Your goal
Restate all data exactly. No images.

<<<<

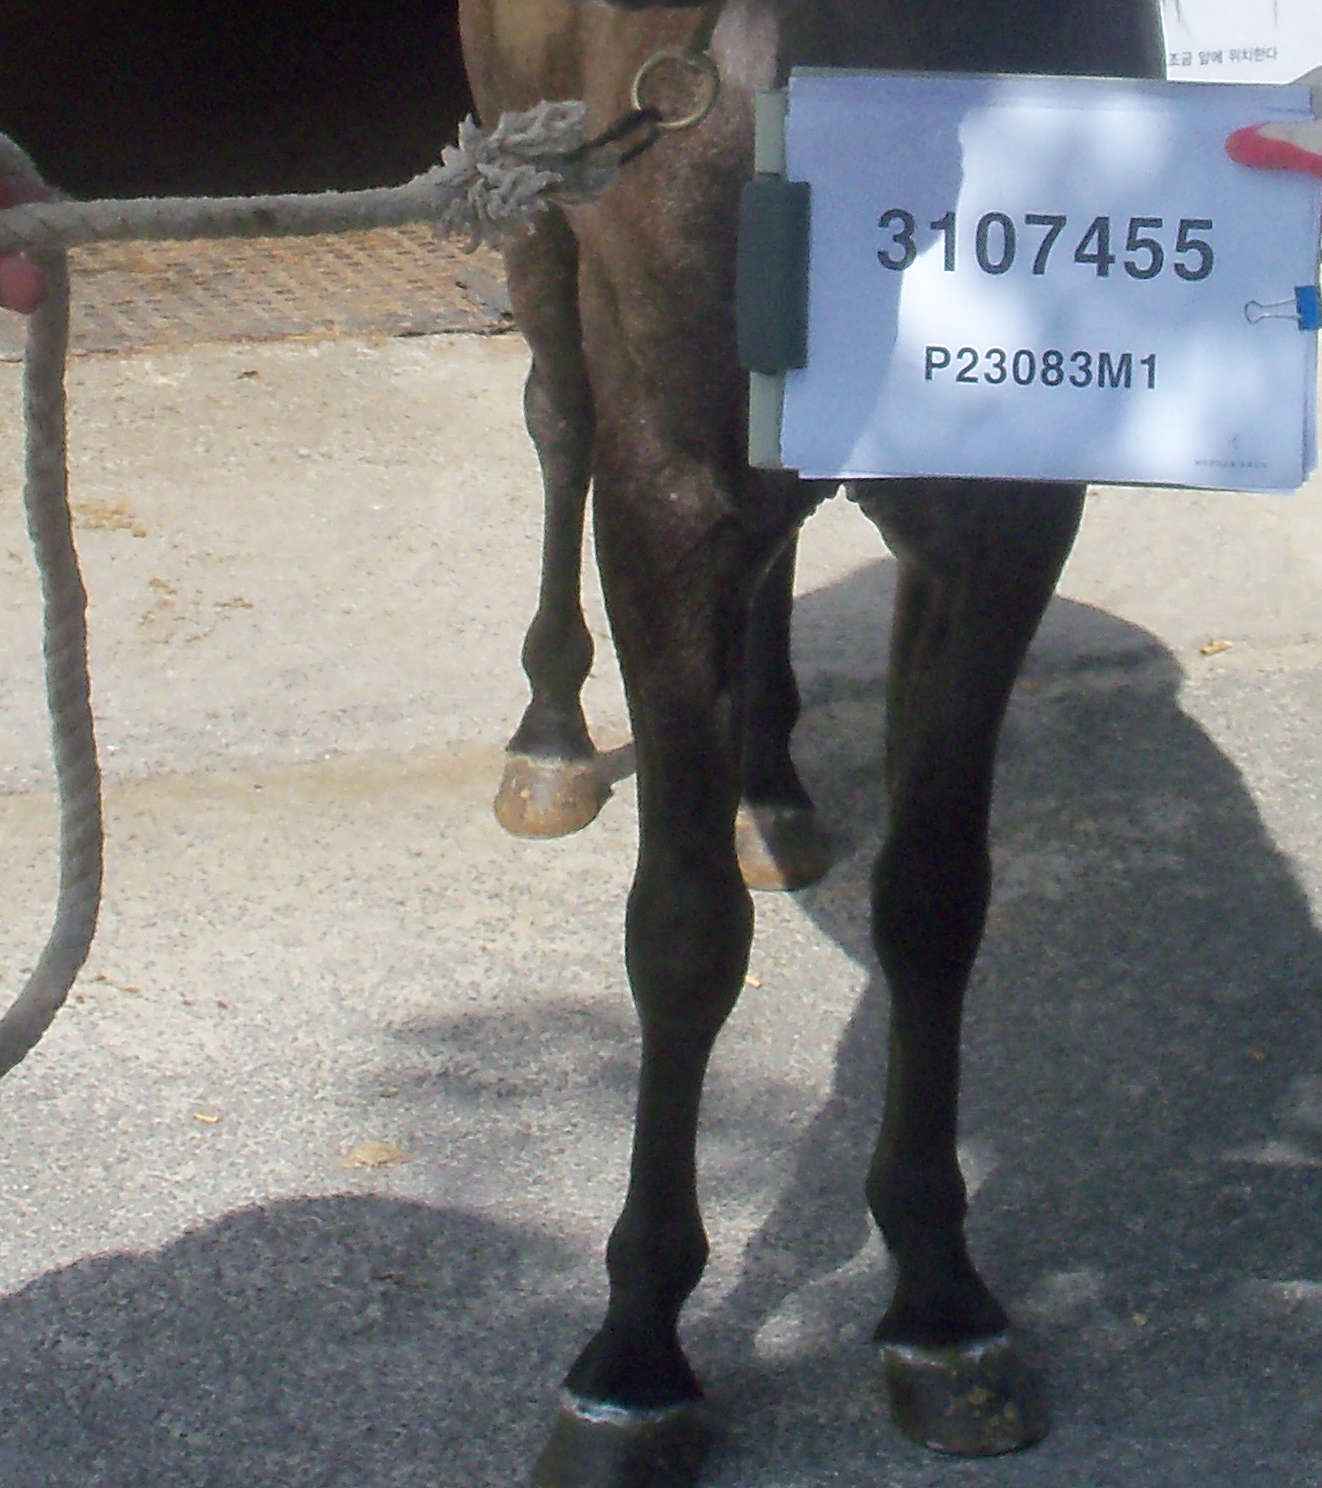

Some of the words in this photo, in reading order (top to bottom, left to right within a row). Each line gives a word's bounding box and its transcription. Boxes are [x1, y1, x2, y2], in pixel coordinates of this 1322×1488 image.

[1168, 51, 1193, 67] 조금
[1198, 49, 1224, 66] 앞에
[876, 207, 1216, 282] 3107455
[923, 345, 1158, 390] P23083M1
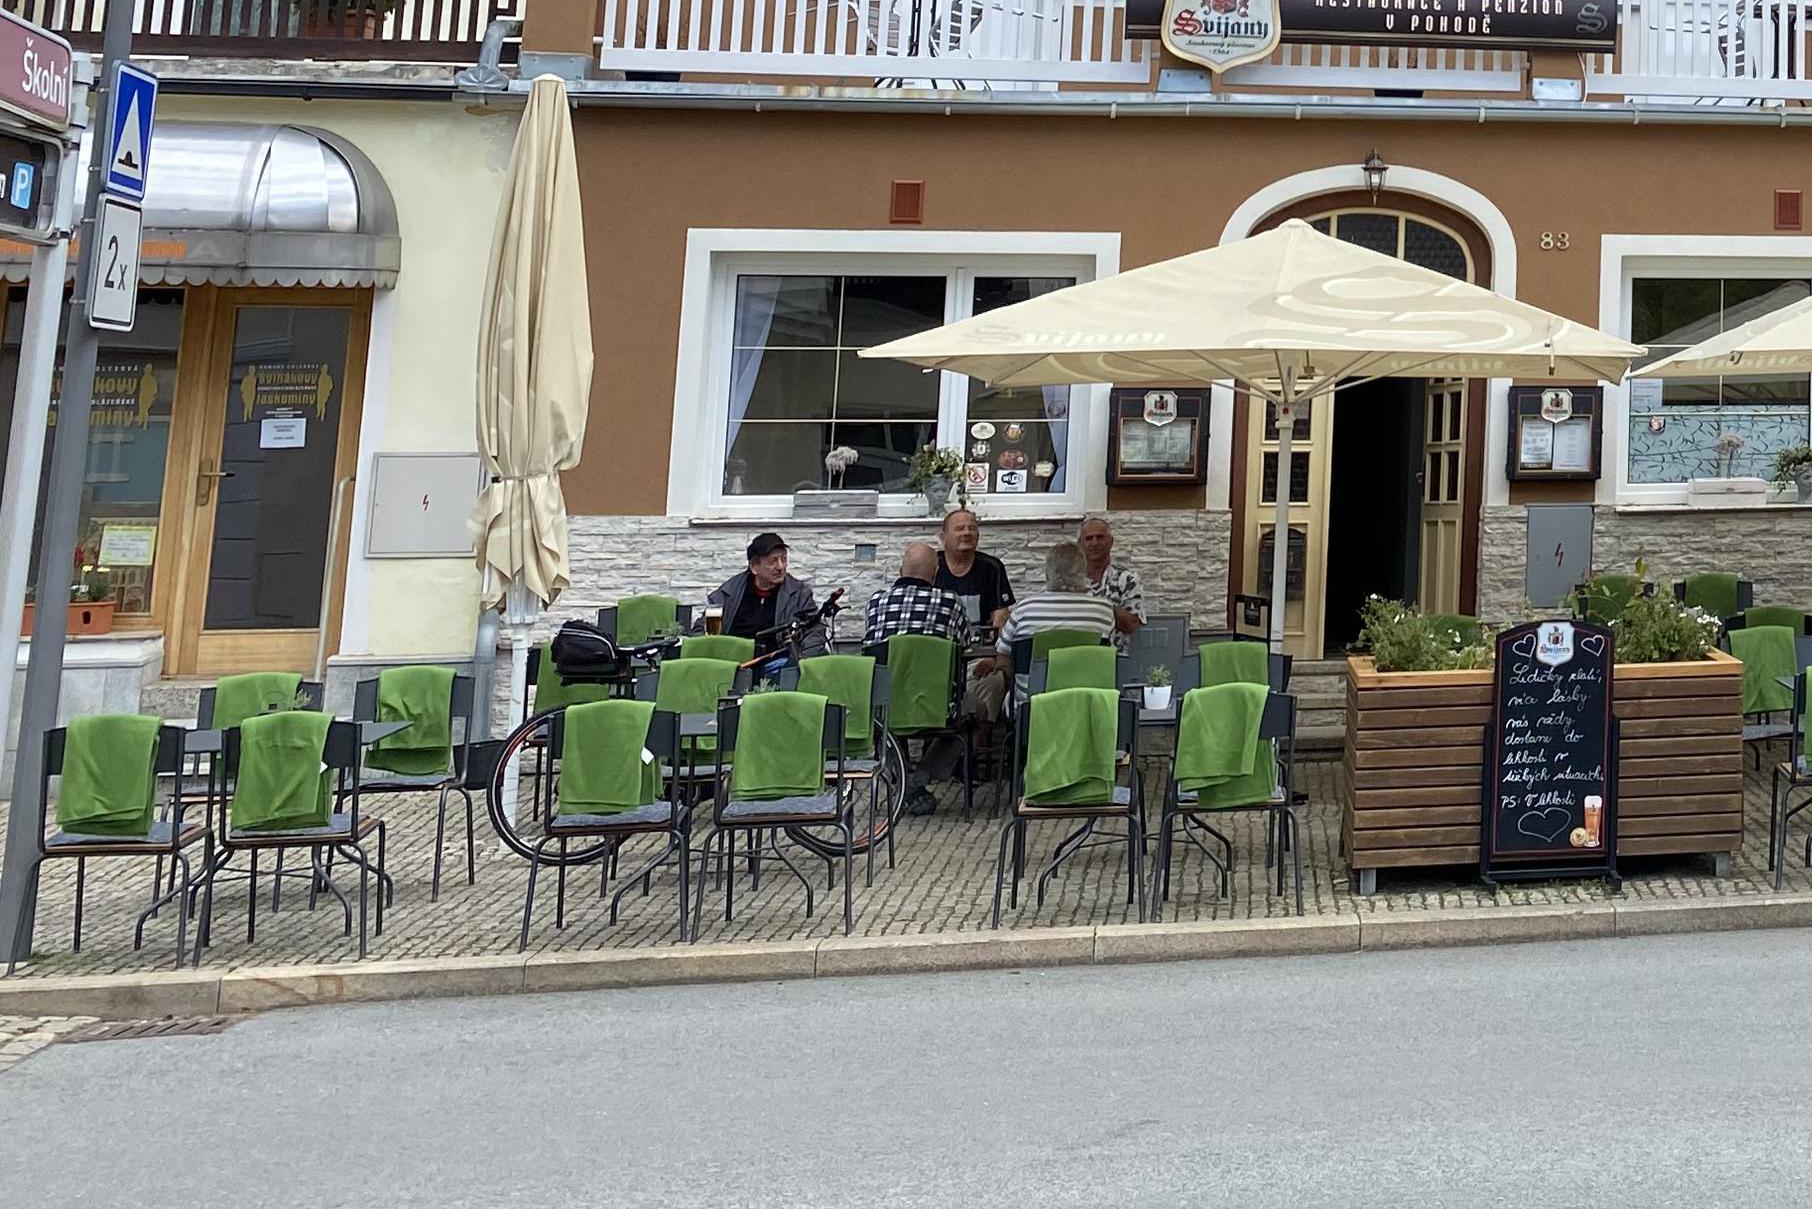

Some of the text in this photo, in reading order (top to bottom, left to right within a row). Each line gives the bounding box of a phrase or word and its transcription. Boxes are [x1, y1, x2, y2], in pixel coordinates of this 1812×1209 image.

>>>>

Answer to this exercise
Some of the words in this photo, in reading order (top to bottom, left to right within a row). Each line gives a word's bounding box and its transcription. Boxes are [x1, y1, x2, y2], in pixel coordinates of this 1322×1488 image.

[1168, 51, 1193, 67] 조금
[1198, 49, 1224, 66] 앞에
[876, 207, 1216, 282] 3107455
[923, 345, 1158, 390] P23083M1

Some of the text in this photo, in reading order (top to bottom, left to right within a row). Each line gives the bounding box of a phrase or word and its transcription. Boxes are [x1, y1, x2, y2], in pixel coordinates of this 1812×1209 image.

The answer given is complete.